In less than a year’s time, we would no longer be friends. She shut me out after someone told her that I said negative things about her—which wasn’t true. Yet, even if it was, friends talk about these things. Friends sit in the hard places and look past your rough edges. Friends have hard conversations that push you to grow.
I realize now that this “friendship” fizzled out as quickly as it began because we were never true friends to begin with. Unknowingly, this person had set an invisible bar of friendship. She, like all of us, desired to belong. She also had her share of friendship and relationship hurts. When she met me, she found someone whom she thought she could feel safe with, and inadvertently, she set unspoken expectations that I could never meet. It left me feeling overwhelmed, uneasy and afraid to hurt her feelings.
She found someone who she thought she could feel safe with, and inadvertently, she set unspoken expectations that I could never meet.
I have been on the other side of this scenario before as well—where my own codependency weighed down a friendship. It was my best friend to be exact. I remember at times her describing the feeling of walking on eggshells. She wanted to be the friend I needed, but she wrestled with feeling like she didn’t measure up.
At the time, I couldn’t see what I was doing. This friend who I loved dearly and who meant so much to me, I had placed unfair expectations on. Best friends call each other once a week. Best friends see each other a certain number of times a year. Best friends show up no matter the hour. Best friends always put you first. On and on, my mental laundry list of what a best friendship looked like went.
In hindsight, I see things more clearly. In many ways, I became codependent on that friendship. My identity was wrapped up in being a “good friend” and “somebody’s best friend.” So much so that I lost myself, and I began to look toward a person and a friendship to tell me who I was.
I began to look toward a person and a friendship to tell me who I was.

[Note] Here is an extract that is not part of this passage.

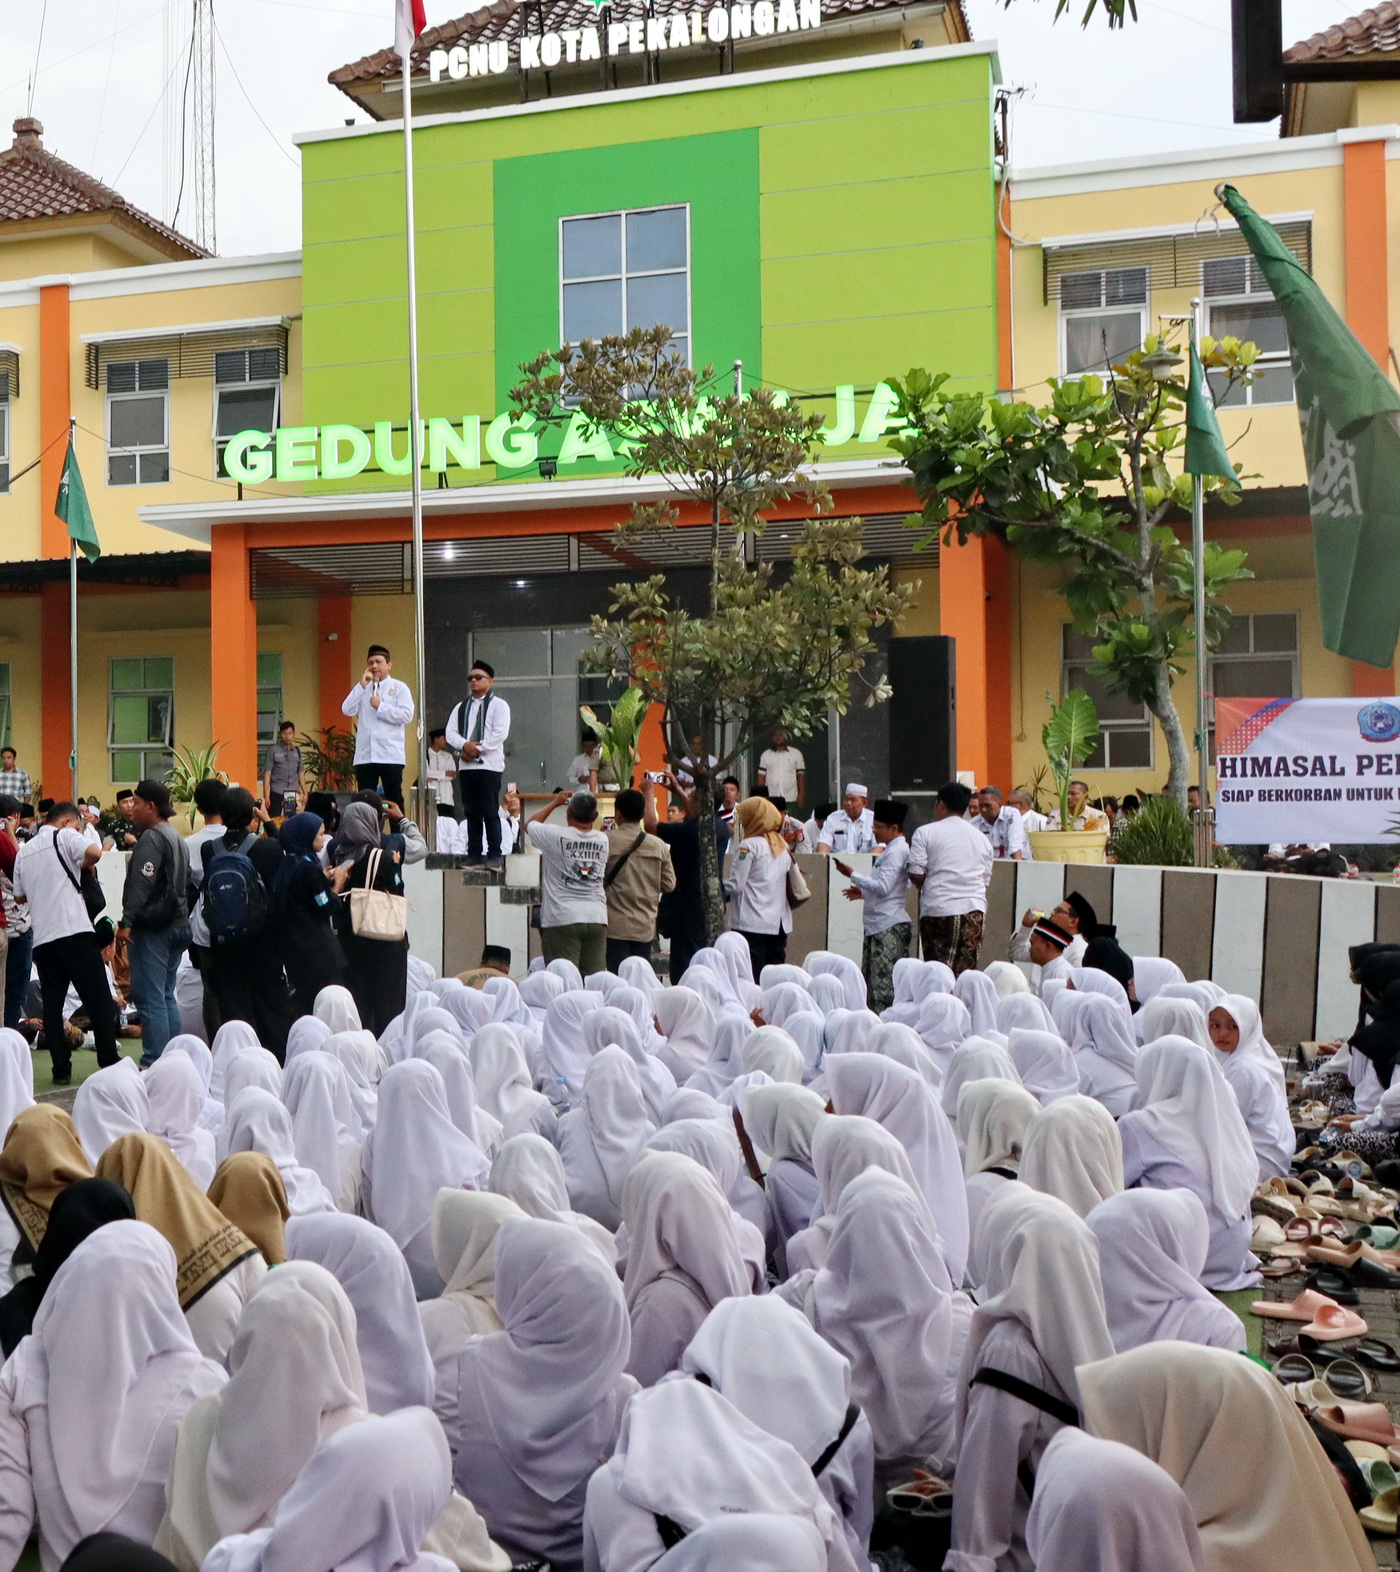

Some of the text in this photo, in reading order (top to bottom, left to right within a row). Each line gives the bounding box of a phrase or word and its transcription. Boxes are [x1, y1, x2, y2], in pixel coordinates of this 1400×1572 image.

Codependency can happen in a relationship of any kind—familial, platonic or romantic. Human beings are made to be in relationships. Yet, it can be easy to look to relationships to define us, to tell us we are worthy and to fill the gaping holes in our souls. Relationships were never meant to do this.
It takes a lot of inner work and “man in the mirror” moments to realize the unfair and unspoken expectations we project onto others and the reasons why we do this. Although difficult, it is so worth the work. Asking ourselves the tough questions can catapult our self-awareness and healing from past hurts. It will expose codependency and lead you down a path toward healthy, functional relationships.
Community is beautiful. Brotherhood is vital. Family—whether by genetics or by choice—is the backbone for growth, safety and a sense of belonging. We were made for relationships, but we were never meant to find ourselves in the eyes of someone else.
We were never meant to find ourselves in the eyes of someone else.
Let’s walk arm-in-arm with one another throughout life. Let’s hold friendships and the people we love with open hands. Let’s treat friendship like a gift, not a guarantee. Let’s be interdependent—soaking in each other’s company, wisdom and laughter like a sunny day.
Have you ever struggled with feelings of codependence? How did you identify the expectations you were placing on other person?